Nous débarquons donc le nez en l’air, en ce week-end ensoleillé, au barreau sans pétrel de la jolie petite maison qui abrite l’établissement, nichée dans un non moins sympathique jardin. Le fond de l’air est frais, et l’appétit est là. Le chef, en revanche, n’est pas là, lui. L’homme est en vacances, et remplacé au pied levé par un ami. Tant pis, puisque nous y sommes, nous goûterons la cuisine de l’ami, en priant pour qu’il soit à la hauteur.
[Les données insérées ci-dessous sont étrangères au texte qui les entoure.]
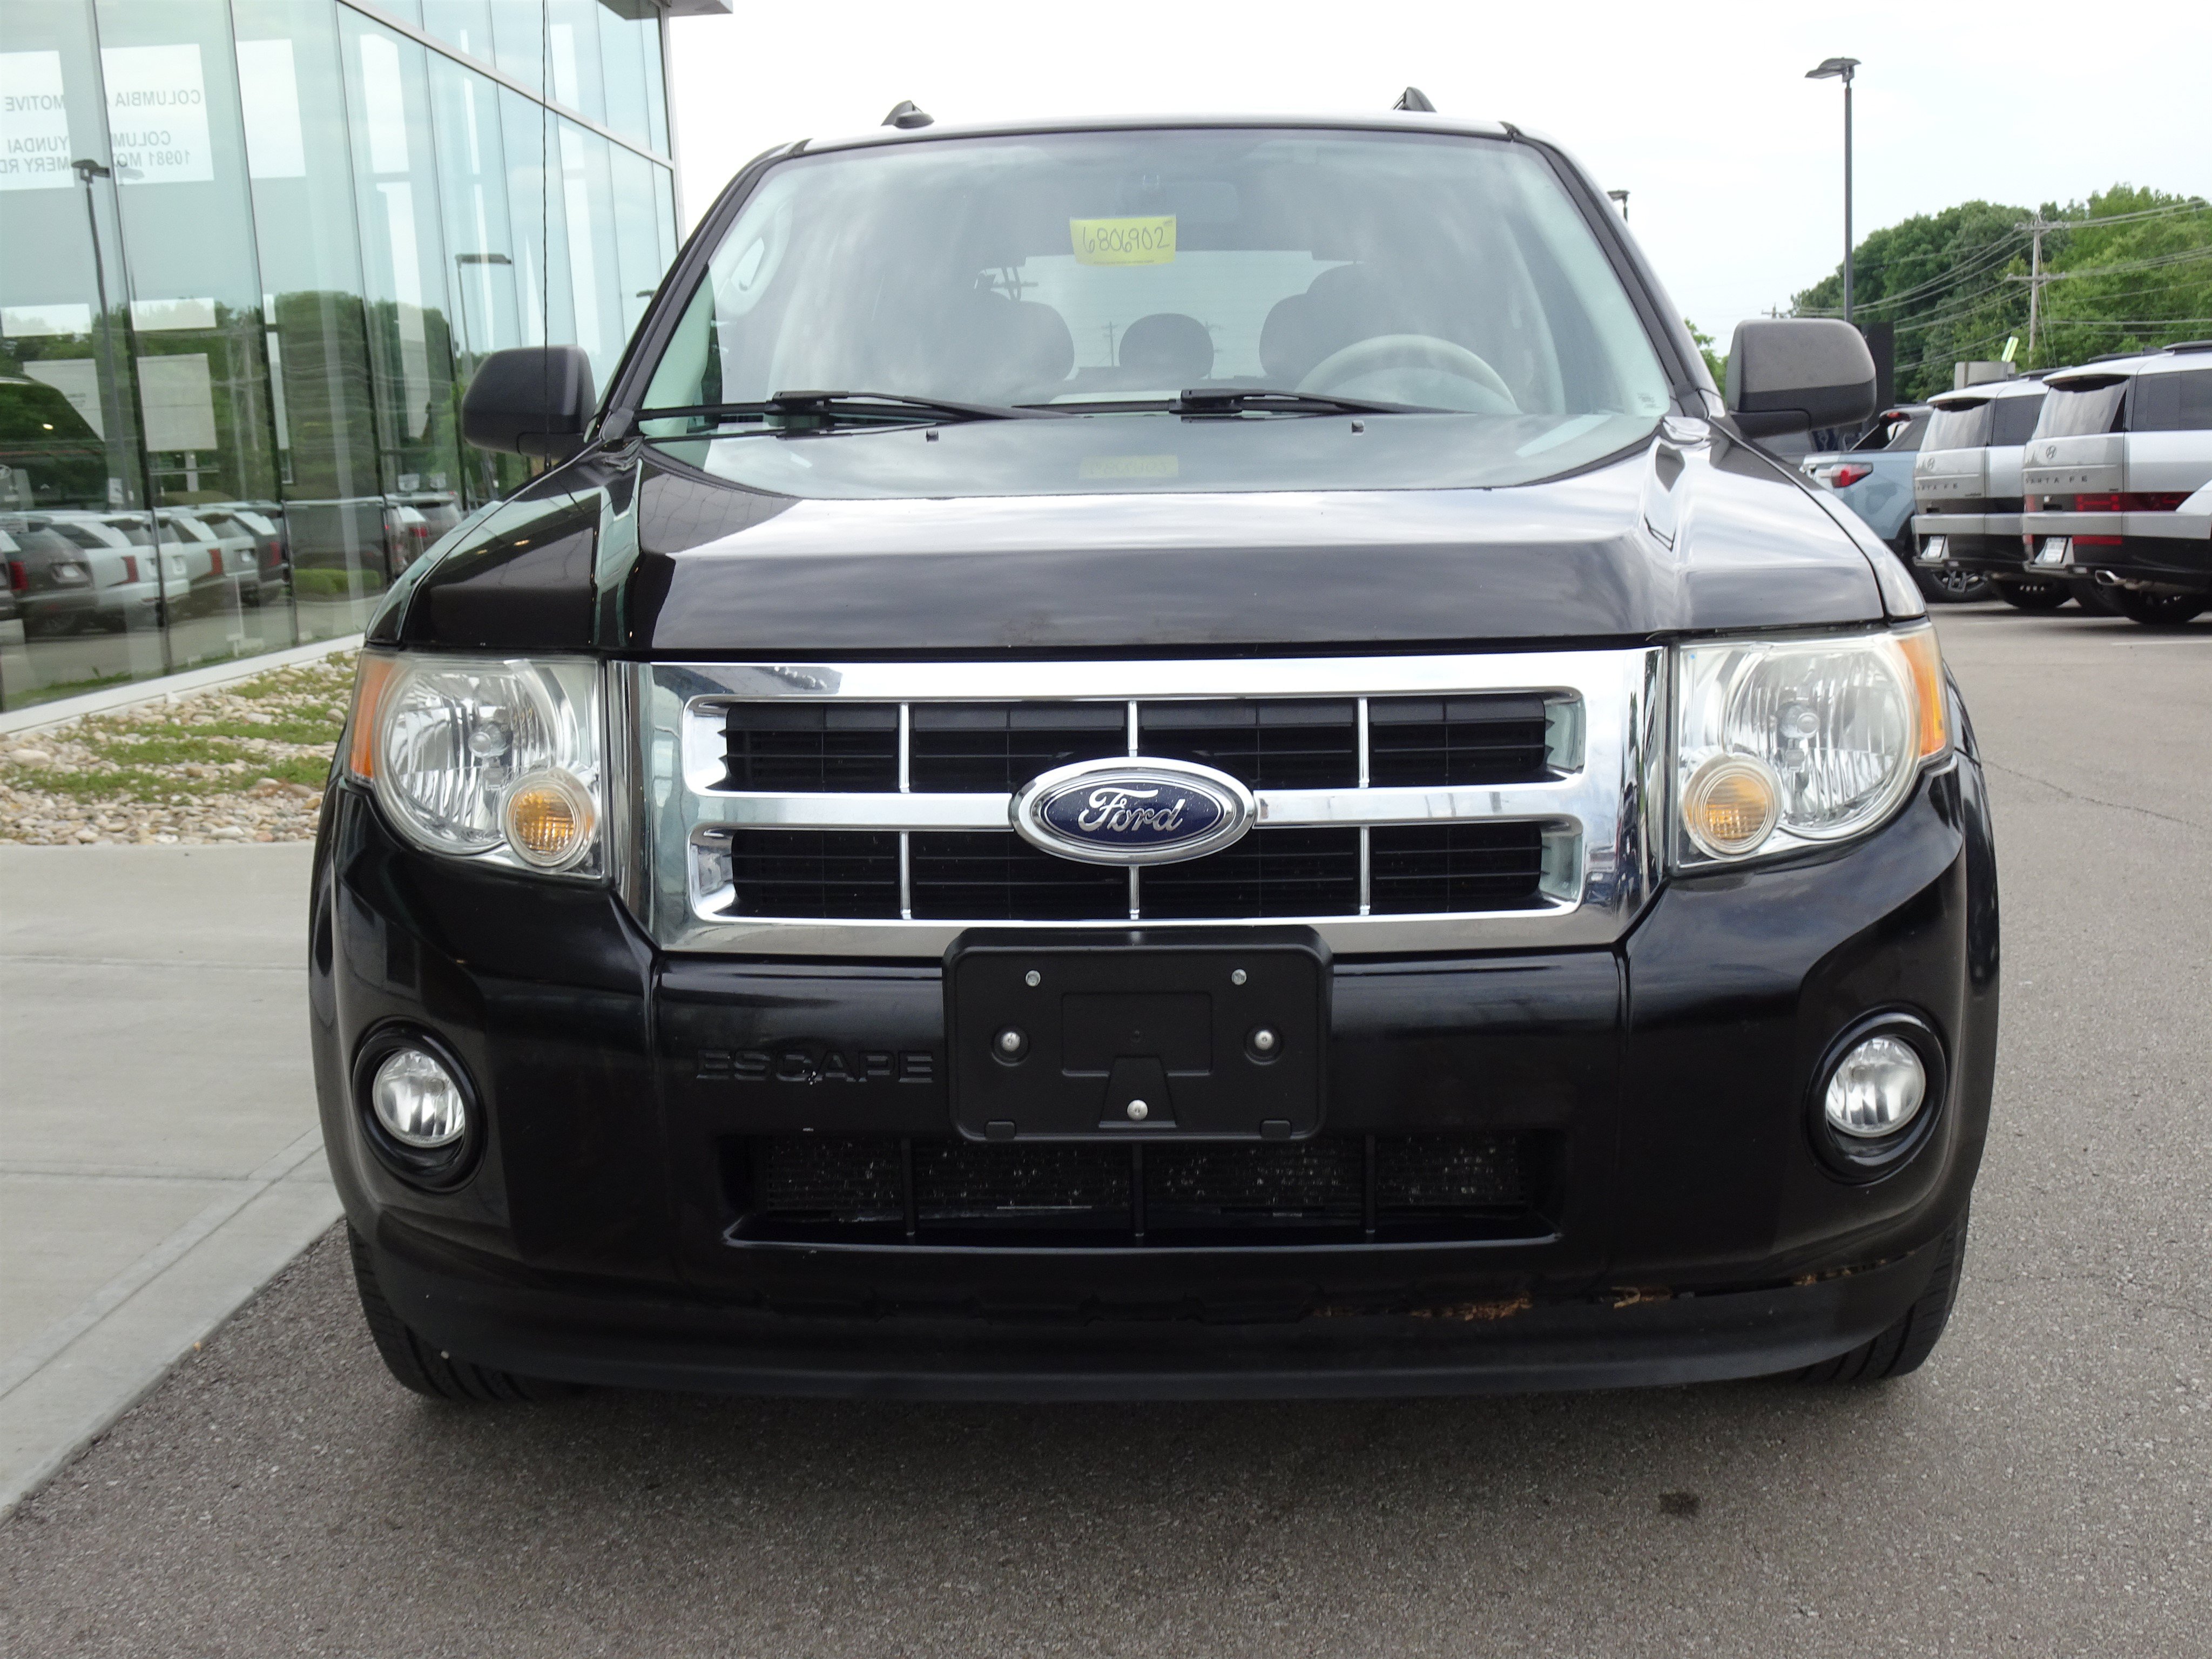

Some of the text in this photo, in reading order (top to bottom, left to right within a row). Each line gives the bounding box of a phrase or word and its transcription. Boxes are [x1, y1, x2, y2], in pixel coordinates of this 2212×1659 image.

[1083, 226, 1170, 253] 6806902
[1078, 787, 1185, 832] Ford
[696, 1049, 934, 1084] ESCAPE
Nous n’aimerions pas dégainer la fourchette en inox dans ces circonstances.

L’accueil est poli, souriant, mais un poil speed. Pourtant il n’y a encore aucun client. L’on nous installe à l’intérieur à notre préférence, ce qui nous permet d’apprécier la déco et la chaleur qui se dégage de cette salle confortable, aux tables bien mises. Au menu du jour : des créolités. « Nous avons momentanément réduit la carte, le temps que le chef revienne » nous apprend-on. Aucun souci, les plats disponibles conviennent très bien, dont certains peu courant, entre le steak de porc et le rougail saucisses : baba figue snoek, friture de guêpes (à 25 euros, ben oui madame) et boucané aux brèdes lastron. S’ils ont des brèdes au menu ici, c’est déjà un bon point. Avec un (petit, tout petit) punch parfumé au… curcuma, trop sucré, une mise en bouche : des beignets de carottes, qui, oh miracle, ont un goût de carotte et non de graillon.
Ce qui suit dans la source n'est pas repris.